Tom Fisher had no idea he was about to begin a criminal career. It was morning. The big red sun was just above the horizon, trailing its small yellow companion. The village, tiny and precise, a unique white dot on the planet's green expanse, glistened under its two midsummer suns.

Tom was just waking up inside his cottage. He was a tall, tanned young man, with his father's oval eyes and his mother's easygoing attitude toward exertion. He was in no hurry; there could be no fishing until the fall rains, and therefore no real work for a fisher. Until fall, he was going to loaf and mend bis fishing poles.

"It's supposed to have a red roof!" he heard Billy Painter shouting outside.

"Churches never have red roofs!" Ed Weaver shouted back.

Tom frowned. Not being involved, he had forgotten the changes that had come over the village in the last two weeks. He slipped on a pair of pants and sauntered out to the village square.

The first thing he saw when he entered the square was a large new sign, reading: NO ALIENS ALLOWED WITHIN CITY LIMITS. There were no aliens on the entire planet of New Delaware. There was nothing but forest, and this one village. The sign was purely a statement of policy.

The square itself contained a church, a jail and a post office, all constructed in the last two frantic weeks and set in a neat row facing the market. No one knew what to do with these buildings; the village had gone along nicely without them for over two hundred years. But now, of course, they had to be built.

Ed Weaver was standing in front of the new church, squinting upward. Billy Painter was balanced precariously on the church's steep roof, his blond mustache bristling indignantly. A small crowd had gathered.

"Damn it, man," Billy Painter was saying, "I tell you I was reading about it just last week. White roof, okay. Red roof, never."

"You're mixing it up with something else," Weaver said. "How about it, Tom?"

Tom shrugged, having no opinion to offer.

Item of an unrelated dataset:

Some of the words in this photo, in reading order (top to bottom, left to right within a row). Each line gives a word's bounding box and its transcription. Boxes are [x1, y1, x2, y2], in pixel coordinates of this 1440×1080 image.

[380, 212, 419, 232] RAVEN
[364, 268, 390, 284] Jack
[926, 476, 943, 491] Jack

Just then, the mayor bustled up, perspiring freely, his shirt flapping over his large paunch.

"Come down," he called to Billy. "I just looked it up. It's the Little Red Schoolhouse, not Churchhouse."

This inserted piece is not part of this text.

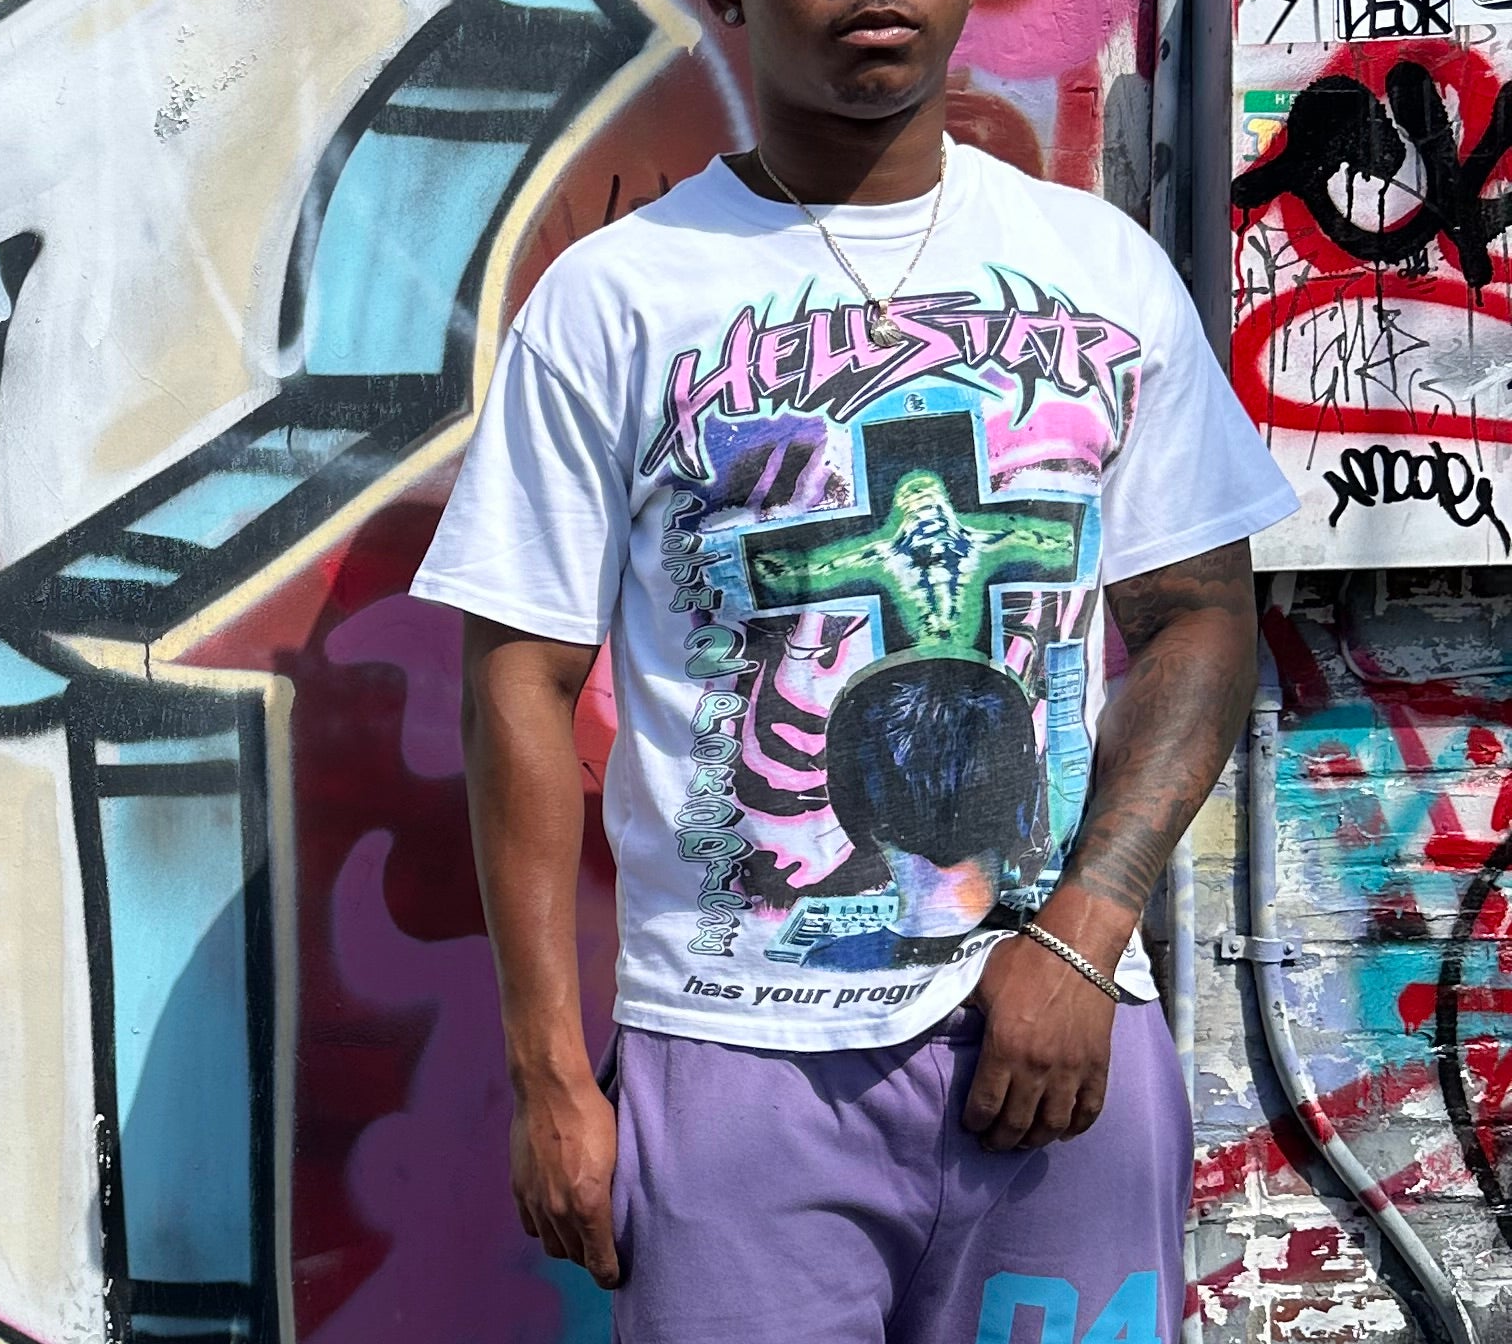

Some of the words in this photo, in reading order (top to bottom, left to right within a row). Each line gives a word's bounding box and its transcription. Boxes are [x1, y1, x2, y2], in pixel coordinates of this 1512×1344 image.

[684, 623, 759, 681] 2
[683, 975, 745, 1000] has
[752, 985, 831, 1006] your

Billy looked angry. He had always been moody; all Painters were. But since the mayor made him chief of police last week, he had become downright temperamental.

"We don't have no little schoolhouse," Billy argued, half­way down the ladder.

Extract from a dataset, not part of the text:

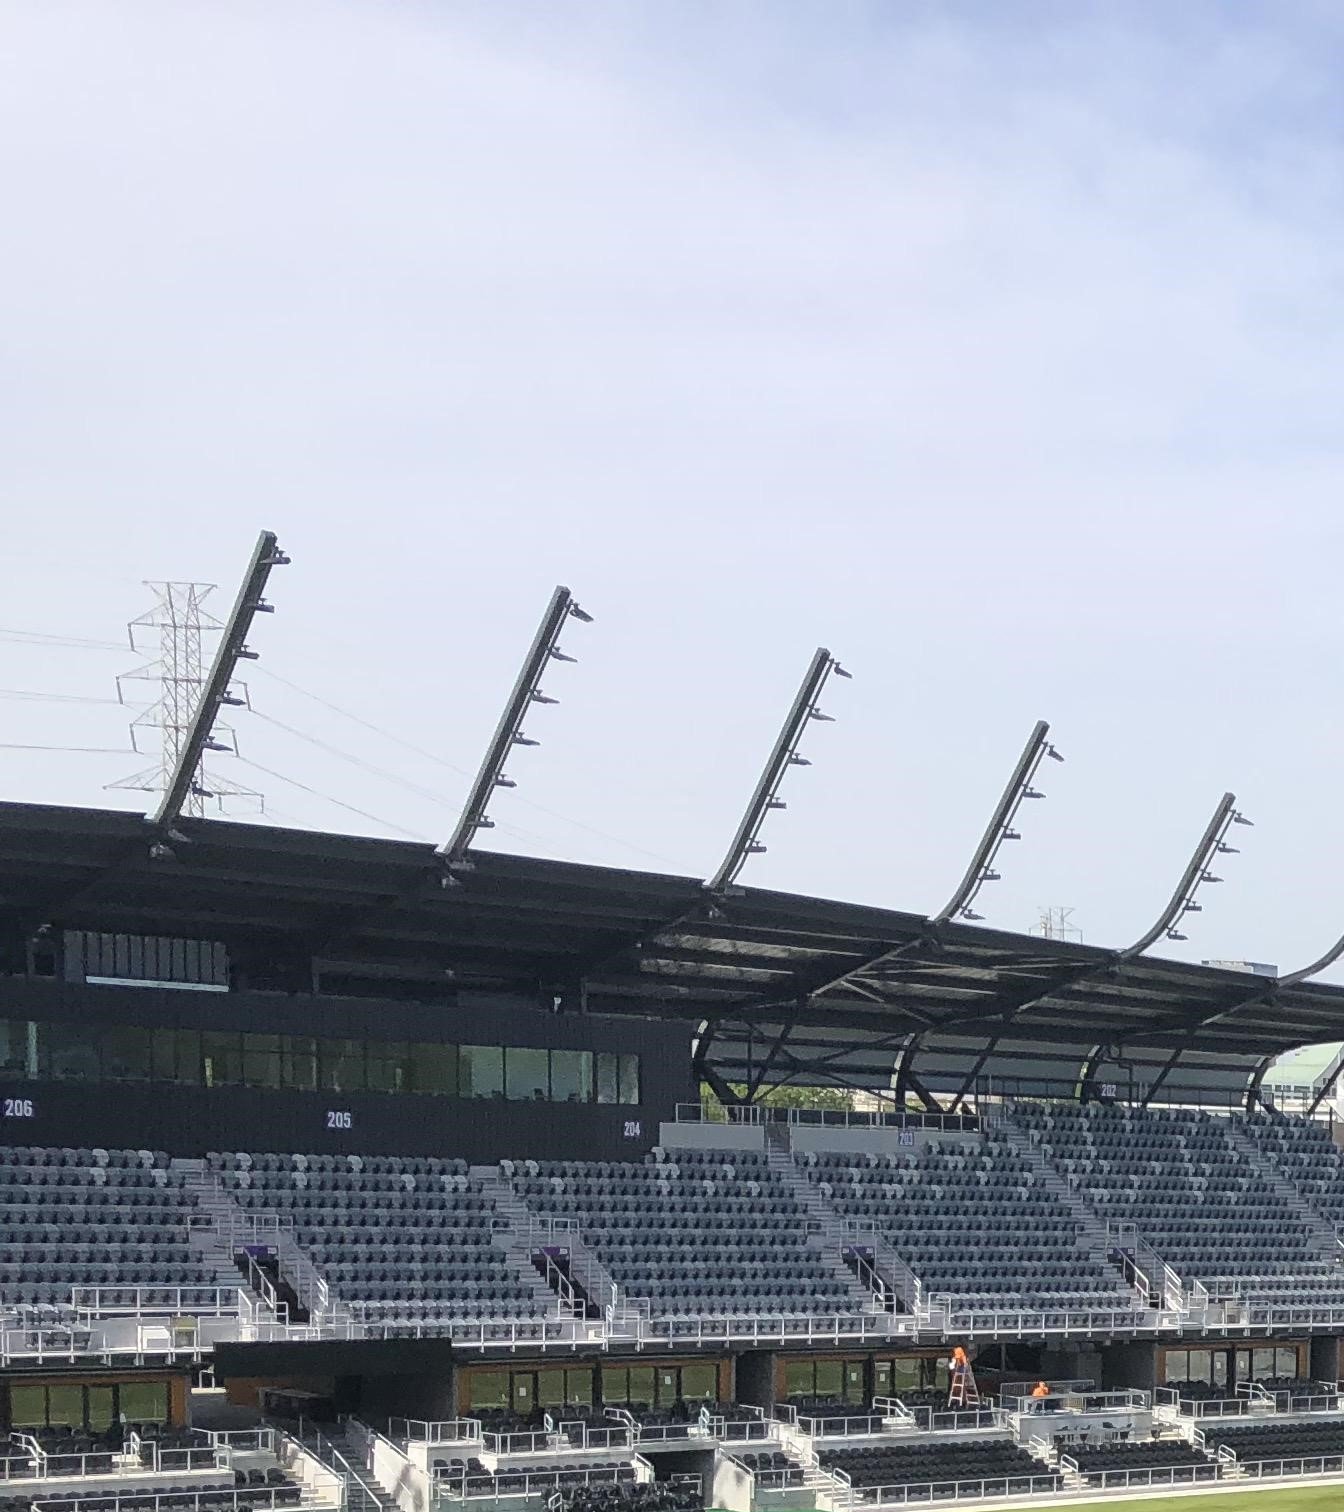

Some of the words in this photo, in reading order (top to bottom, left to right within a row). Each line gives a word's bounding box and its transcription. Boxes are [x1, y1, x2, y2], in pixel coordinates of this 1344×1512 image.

[4, 1098, 33, 1117] 206
[327, 1111, 352, 1128] 205
[624, 1121, 640, 1137] 204

"We'll just have to build one," the mayor said. "We'll have to hurry, too." He glanced at the sky. Involuntarily the crowd glanced upward. But there was still nothing in sight.

"Where are the Carpenter boys?" the mayor asked. "Sid, Sam, Marv—where are you?"

Sid Carpenter's head appeared through the crowd. He was still on crutches from last month when he had fallen out of a tree looking for threstle's eggs; no Carpenter was worth a damn at tree-climbing.

"The other boys are at Ed Beer's Tavern," Sid said. "Where else would they be?" Mary Waterman called from the crowd.

"Well, you gather them up," the mayor said. "They gotta build up a little schoolhouse, and quick. Tell them to put it up beside the jail." He turned to Billy Painter, who was back on the ground. "Billy, you paint that schoolhouse a good bright red, inside and out. It's very important."

"When do I get a police chief badge?" Billy demanded. "I read that police chiefs always get badges."

"Make yourself one," the mayor said. He mopped his face with his shirttail. "Sure hot. Don't know why that inspector couldn't have come in winter . . . Tom! Tom Fisher! Got an important job for you. Come on, I'll tell you all about it."

He put an arm around Tom's shoulders and they walked to the mayor's cottage past the empty market, along the village's single paved road. In the old days, that road had been of packed dirt. But the old days had ended two weeks ago and now the road was paved with crushed rock. It made bare­foot walking so uncomfortable that the villagers simply cut across each other's lawns. The mayor, though, walked on it out of principle.

"Now look, Mayor, I'm on my vacation—"

"Can't have any vacations now," the mayor said. "Not now, He's due any day." He ushered Tom inside his cottage and sat down in the big armchair, which had been pushed as close to the interstellar radio as possible.

"Tom," the mayor said directly, "how would you like to be a criminal?"

"I don't know," said Tom. "What's a criminal?"

Squirming uncomfortably in his chair, the mayor rested a hand on the radio for authority. "It's this way," he said, and began to explain.

Tom listened, but the more he heard, the less he liked, It was all the fault of that interstellar radio, he decided. Why hadn't it really been broken?

No one had believed it could work. It had gathered dust in the office of one mayor after another, for generations, the last silent link with Mother Earth. Two hundred years ago. Earth talked with New Delaware, and with Ford IV, Alpha Centauri, Nueva Espana, and the other colonies that made up the United Democracies of Earth. Then all conversations stopped.

There seemed to be a war on Earth. New Delaware, with its one village, was too small and too distant to take part. They waited for news, but no news came. And then plague struck the village, wiping out three-quarters of the inhabitants.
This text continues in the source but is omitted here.